Please give the data again in full, exactly as provided.

────────────────────────────────────────

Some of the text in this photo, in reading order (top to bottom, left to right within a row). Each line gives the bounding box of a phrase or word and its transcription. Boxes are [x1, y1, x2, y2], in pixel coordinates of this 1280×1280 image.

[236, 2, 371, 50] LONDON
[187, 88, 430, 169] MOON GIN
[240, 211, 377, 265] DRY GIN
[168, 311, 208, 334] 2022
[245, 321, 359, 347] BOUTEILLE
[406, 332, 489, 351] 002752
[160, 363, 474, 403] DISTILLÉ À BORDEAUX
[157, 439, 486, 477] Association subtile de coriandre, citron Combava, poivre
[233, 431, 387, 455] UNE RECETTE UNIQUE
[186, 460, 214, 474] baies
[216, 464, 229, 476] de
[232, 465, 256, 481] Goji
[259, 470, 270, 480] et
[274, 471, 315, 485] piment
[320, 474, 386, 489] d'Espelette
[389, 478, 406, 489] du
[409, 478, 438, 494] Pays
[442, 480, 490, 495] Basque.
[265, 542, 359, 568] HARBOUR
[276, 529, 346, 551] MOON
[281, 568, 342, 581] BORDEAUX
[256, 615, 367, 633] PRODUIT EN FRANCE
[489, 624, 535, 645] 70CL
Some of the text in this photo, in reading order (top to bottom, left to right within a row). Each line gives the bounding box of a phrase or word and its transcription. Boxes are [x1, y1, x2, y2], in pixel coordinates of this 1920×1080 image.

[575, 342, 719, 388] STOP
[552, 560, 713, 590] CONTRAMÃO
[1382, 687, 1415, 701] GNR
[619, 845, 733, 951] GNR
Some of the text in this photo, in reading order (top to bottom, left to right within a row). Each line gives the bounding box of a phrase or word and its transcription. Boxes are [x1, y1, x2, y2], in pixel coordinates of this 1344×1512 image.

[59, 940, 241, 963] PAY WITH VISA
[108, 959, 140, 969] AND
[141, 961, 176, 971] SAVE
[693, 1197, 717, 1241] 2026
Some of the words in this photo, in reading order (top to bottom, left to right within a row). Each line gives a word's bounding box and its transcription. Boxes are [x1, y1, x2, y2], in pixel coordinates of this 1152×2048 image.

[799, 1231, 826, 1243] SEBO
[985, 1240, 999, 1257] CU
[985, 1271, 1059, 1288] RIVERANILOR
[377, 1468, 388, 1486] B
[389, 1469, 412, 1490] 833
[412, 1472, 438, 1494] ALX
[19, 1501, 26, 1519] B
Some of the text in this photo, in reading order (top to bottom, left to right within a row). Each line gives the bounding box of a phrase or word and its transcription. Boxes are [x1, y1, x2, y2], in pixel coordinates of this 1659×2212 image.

────────────────────────────────────────

SOLUTION FOR THIS TASK:
Some of the text in this photo, in reading order (top to bottom, left to right within a row). Each line gives the bounding box of a phrase or word and its transcription. Boxes are [x1, y1, x2, y2], in pixel coordinates of this 1280×1280 image.

[236, 2, 371, 50] LONDON
[187, 88, 430, 169] MOON GIN
[240, 211, 377, 265] DRY GIN
[168, 311, 208, 334] 2022
[245, 321, 359, 347] BOUTEILLE
[406, 332, 489, 351] 002752
[160, 363, 474, 403] DISTILLÉ À BORDEAUX
[157, 439, 486, 477] Association subtile de coriandre, citron Combava, poivre
[233, 431, 387, 455] UNE RECETTE UNIQUE
[186, 460, 214, 474] baies
[216, 464, 229, 476] de
[232, 465, 256, 481] Goji
[259, 470, 270, 480] et
[274, 471, 315, 485] piment
[320, 474, 386, 489] d'Espelette
[389, 478, 406, 489] du
[409, 478, 438, 494] Pays
[442, 480, 490, 495] Basque.
[265, 542, 359, 568] HARBOUR
[276, 529, 346, 551] MOON
[281, 568, 342, 581] BORDEAUX
[256, 615, 367, 633] PRODUIT EN FRANCE
[489, 624, 535, 645] 70CL
Some of the text in this photo, in reading order (top to bottom, left to right within a row). Each line gives the bounding box of a phrase or word and its transcription. Boxes are [x1, y1, x2, y2], in pixel coordinates of this 1920×1080 image.

[575, 342, 719, 388] STOP
[552, 560, 713, 590] CONTRAMÃO
[1382, 687, 1415, 701] GNR
[619, 845, 733, 951] GNR
Some of the text in this photo, in reading order (top to bottom, left to right within a row). Each line gives the bounding box of a phrase or word and its transcription. Boxes are [x1, y1, x2, y2], in pixel coordinates of this 1344×1512 image.

[59, 940, 241, 963] PAY WITH VISA
[108, 959, 140, 969] AND
[141, 961, 176, 971] SAVE
[693, 1197, 717, 1241] 2026
Some of the words in this photo, in reading order (top to bottom, left to right within a row). Each line gives a word's bounding box and its transcription. Boxes are [x1, y1, x2, y2], in pixel coordinates of this 1152×2048 image.

[799, 1231, 826, 1243] SEBO
[985, 1240, 999, 1257] CU
[985, 1271, 1059, 1288] RIVERANILOR
[377, 1468, 388, 1486] B
[389, 1469, 412, 1490] 833
[412, 1472, 438, 1494] ALX
[19, 1501, 26, 1519] B
Some of the text in this photo, in reading order (top to bottom, left to right within a row). Each line gives the bounding box of a phrase or word and its transcription. Boxes are [x1, y1, x2, y2], in pixel coordinates of this 1659×2212 image.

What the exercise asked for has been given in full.